Understand the difference between generative models and discriminative models. When to use each type for your for statistical and data mining.
Statistical Models
Statistical models are broken down into two main catagories, generative and discriminative. Discriminative models are more straight forward to understand but are also more limited in application. These models allow a machine learning componnet to discriminate or classify between input elements. These models contain data that relates conditional probablities of input to the unknown decision parameters.

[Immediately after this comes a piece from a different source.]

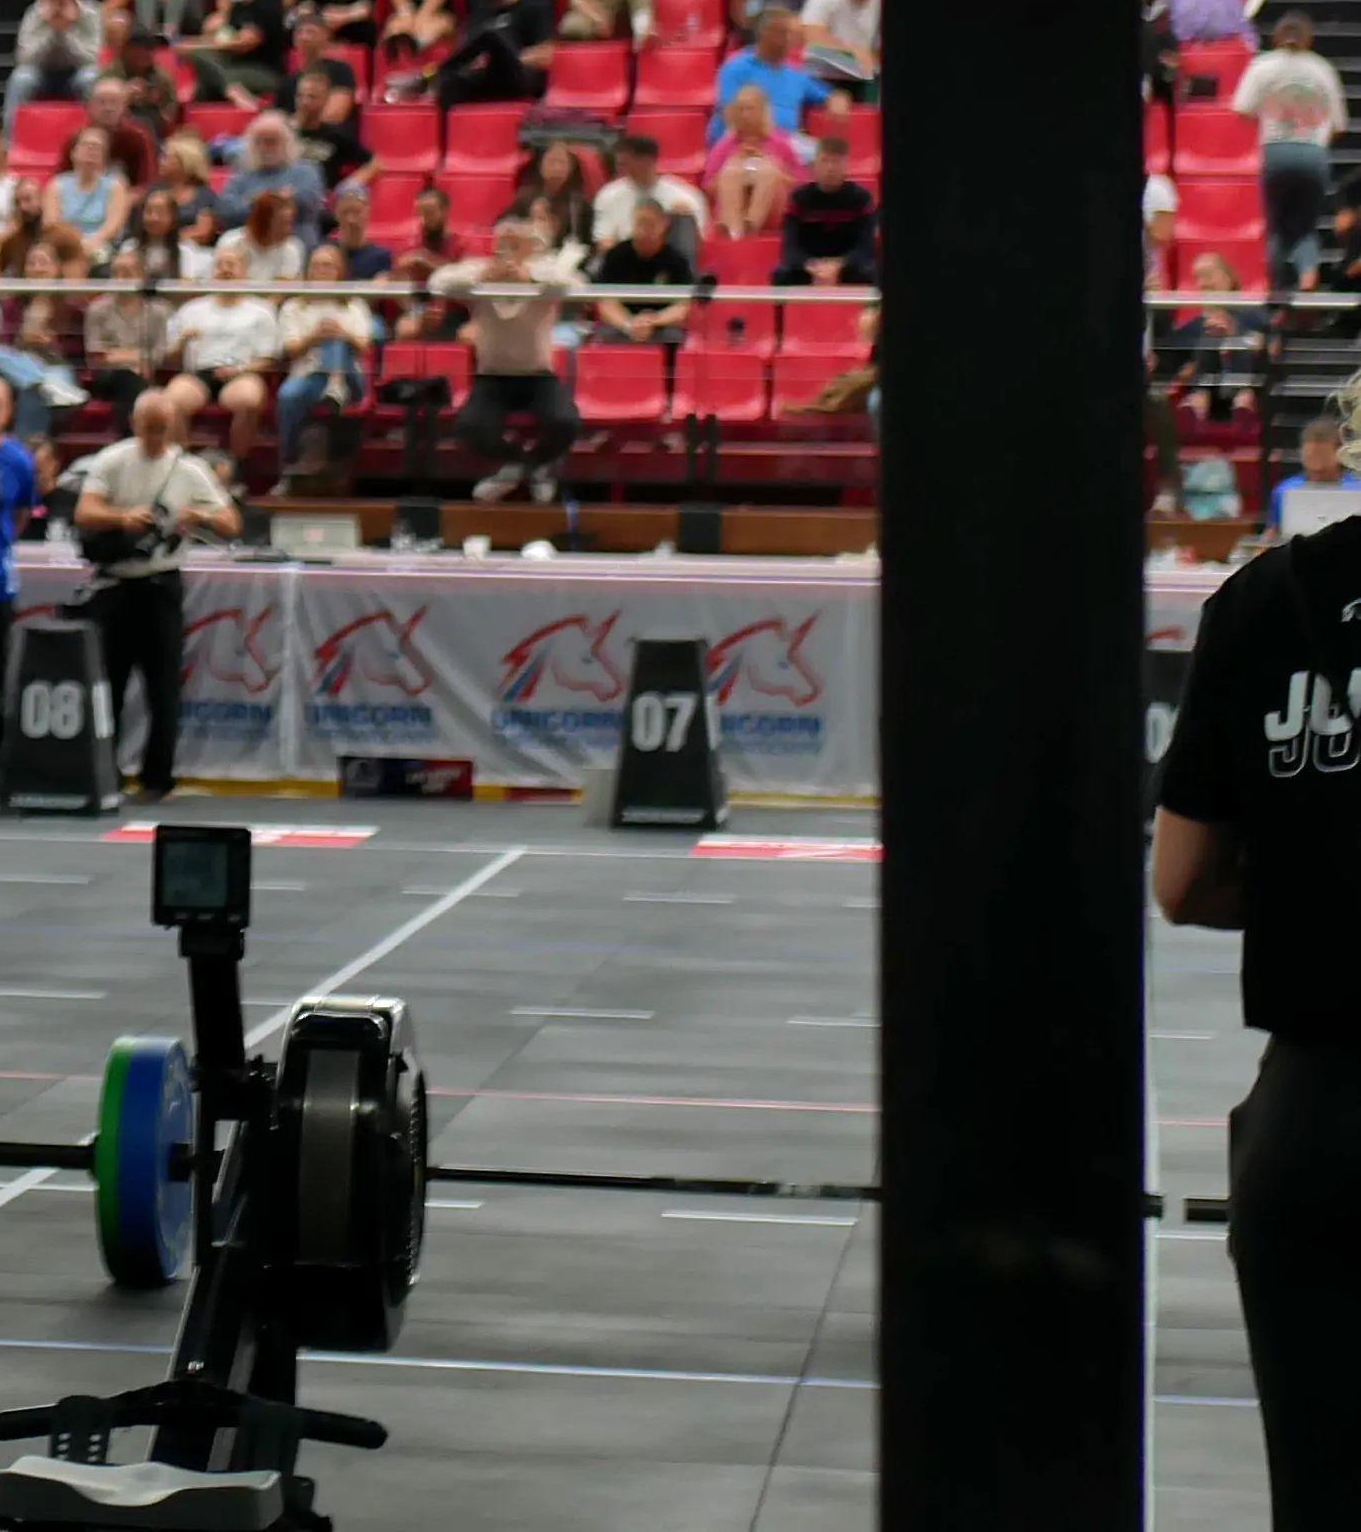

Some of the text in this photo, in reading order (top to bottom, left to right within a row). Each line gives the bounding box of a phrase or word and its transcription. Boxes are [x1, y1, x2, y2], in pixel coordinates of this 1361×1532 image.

[20, 680, 85, 740] 08
[631, 691, 698, 752] 07
[1145, 702, 1179, 764] 0

Generative models contain more information on the system's dynanaics. This makes the model more complex but allows the user to ask more questions. It can generate instances of system with specified characterstics.
Generative Models
In statistics, a generative model is a model for randomly generating observed data, typically given some hidden parameters. It specifies a joint probability distribution over observation and label sequences. Generative models are used in machine learning for either modeling data directly (i.e., modeling observed draws from a probability density function), or as an intermediate step to forming a conditional probability density function. A conditional distribution can be formed from a generative model through the use of Bayes' rule.
Generative models contrast with discriminative models, in that a generative model is a full probability model of all variables, whereas a discriminative model provides a model only of the target variable(s) conditional on the observed variables. Thus a generative model can be used, for example, to simulate (i.e. generate) values of any variable in the model, whereas a discriminative model allows only sampling of the target variables conditional on the observed quantities.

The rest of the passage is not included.